§ What to produce:
Could you repeat the records below exactly, without the pictures?

§ Supplied material:
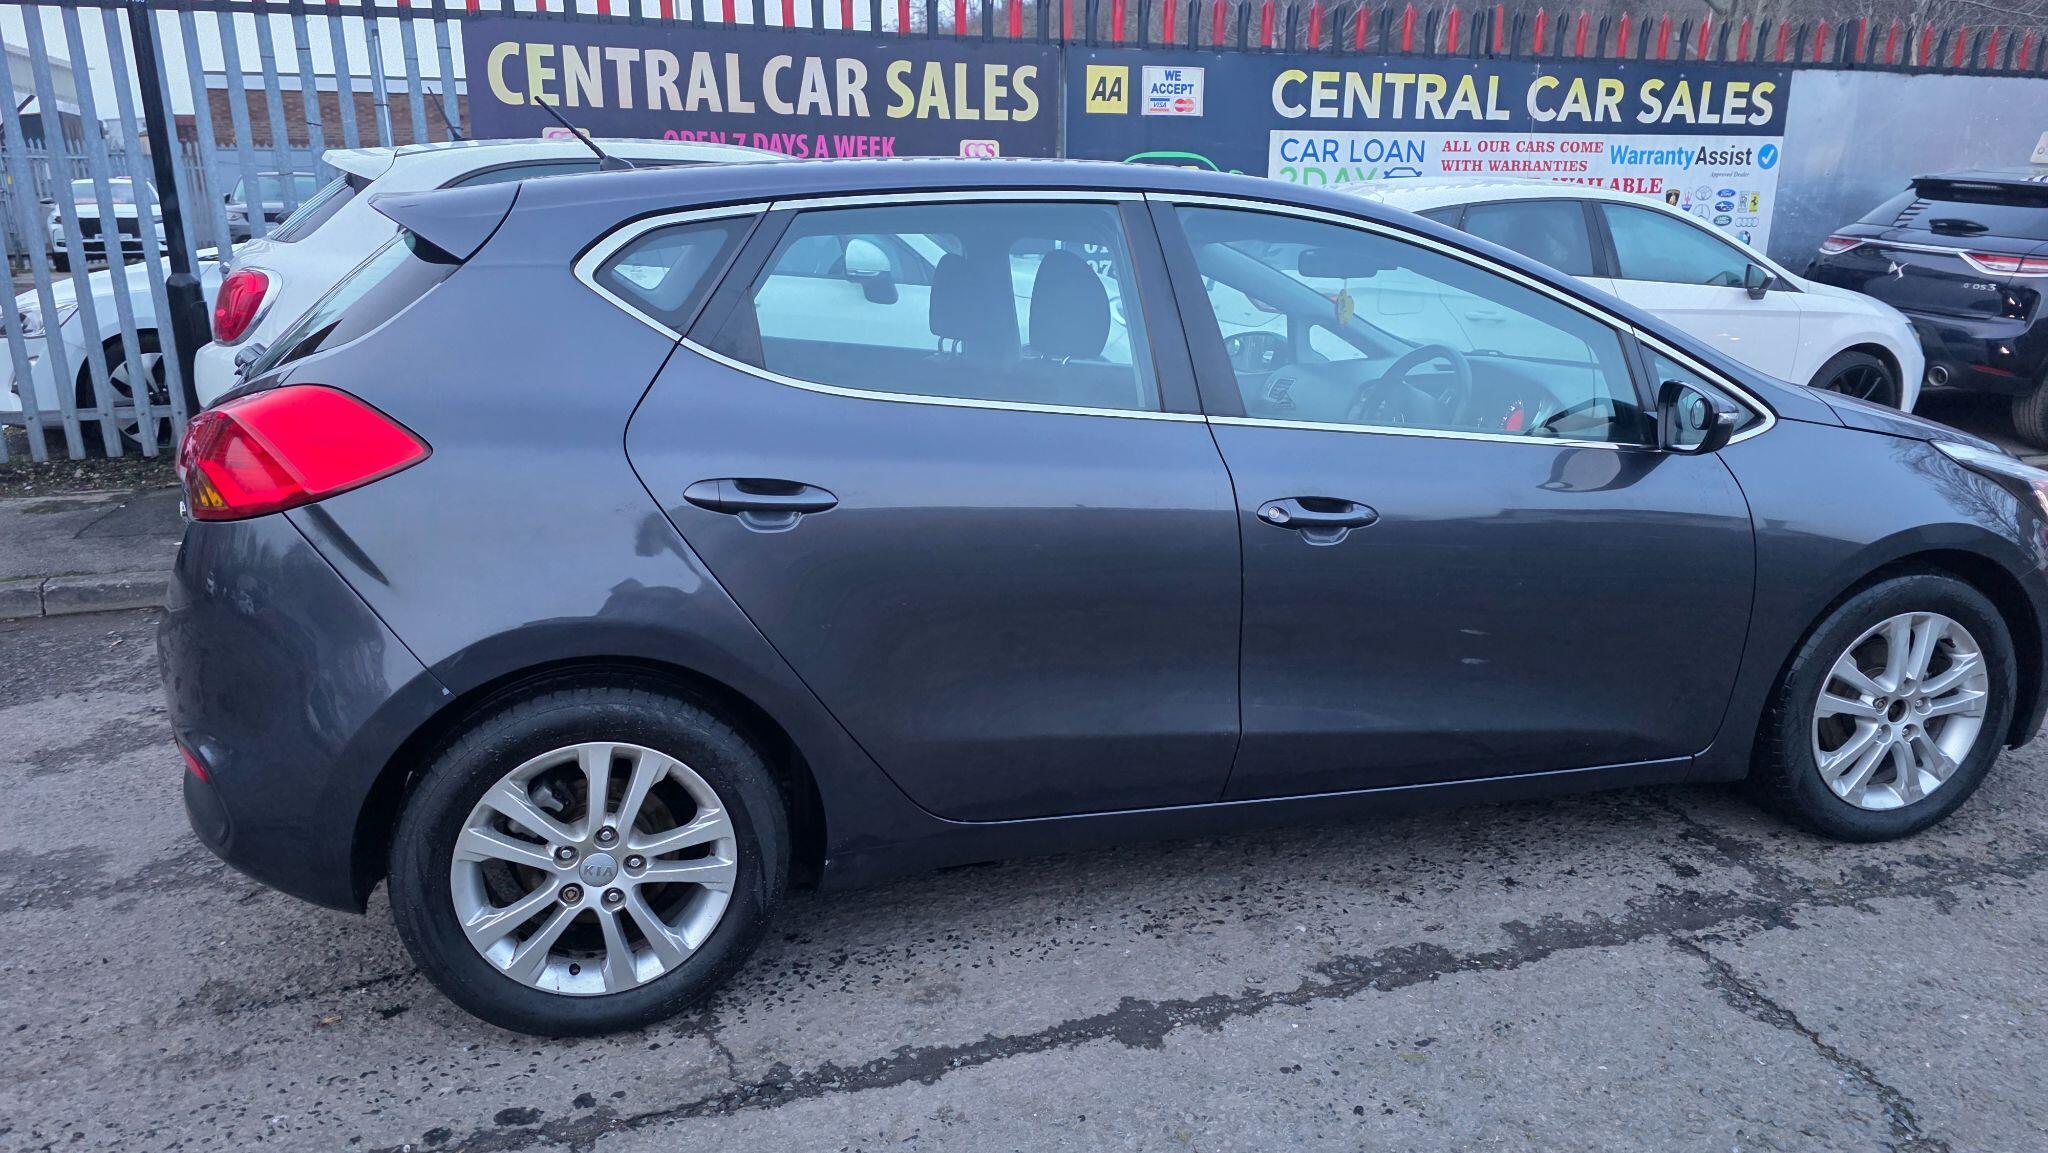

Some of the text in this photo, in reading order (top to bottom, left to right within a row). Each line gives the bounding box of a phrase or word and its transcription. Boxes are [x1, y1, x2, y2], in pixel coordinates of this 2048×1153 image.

[486, 41, 1040, 122] CENTRAL CAR SALES
[1165, 70, 1181, 81] WE
[1091, 76, 1122, 102] AA
[1151, 83, 1194, 95] ACCEPT
[1272, 69, 1775, 126] CENTRAL CAR SALES
[733, 132, 747, 147] 7
[753, 133, 808, 158] DAYS
[815, 134, 829, 158] A
[833, 135, 896, 158] WEEK
[1280, 138, 1426, 163] CAR LOAN
[1441, 140, 1604, 153] ALL OUR CARS COME
[1441, 159, 1588, 172] WITH WARRANTIES
[583, 864, 613, 876] KIA
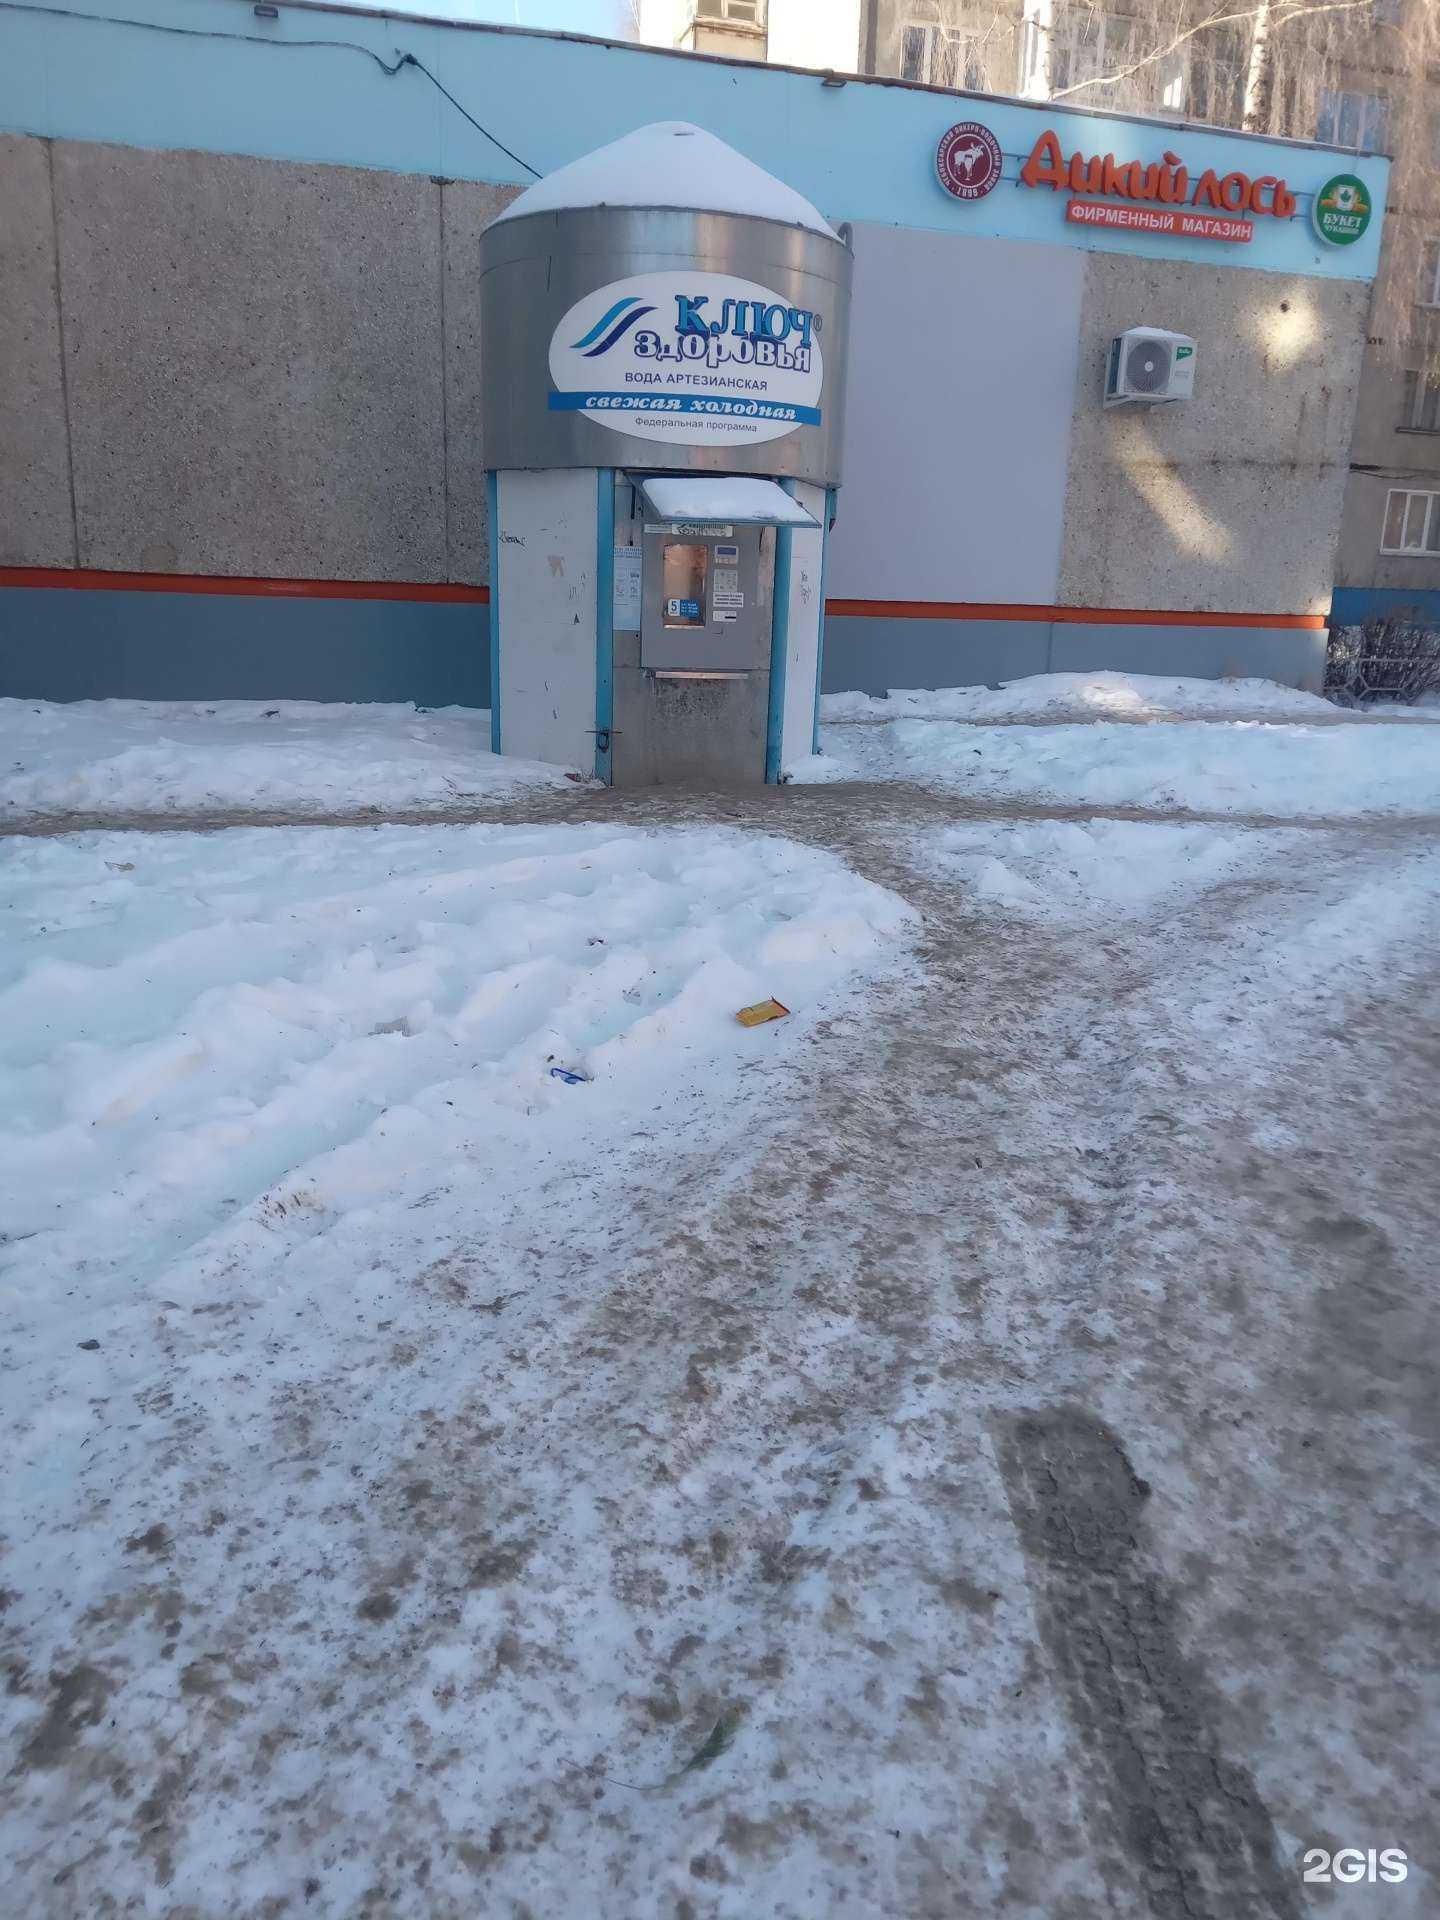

§ Answer:
Some of the text in this photo, in reading order (top to bottom, left to right within a row). Each line gives the bounding box of a phrase or word and its transcription. Boxes are [x1, y1, x2, y2], in pixel coordinates of this 2048×1153 image.

[486, 41, 1040, 122] CENTRAL CAR SALES
[1165, 70, 1181, 81] WE
[1091, 76, 1122, 102] AA
[1151, 83, 1194, 95] ACCEPT
[1272, 69, 1775, 126] CENTRAL CAR SALES
[733, 132, 747, 147] 7
[753, 133, 808, 158] DAYS
[815, 134, 829, 158] A
[833, 135, 896, 158] WEEK
[1280, 138, 1426, 163] CAR LOAN
[1441, 140, 1604, 153] ALL OUR CARS COME
[1441, 159, 1588, 172] WITH WARRANTIES
[583, 864, 613, 876] KIA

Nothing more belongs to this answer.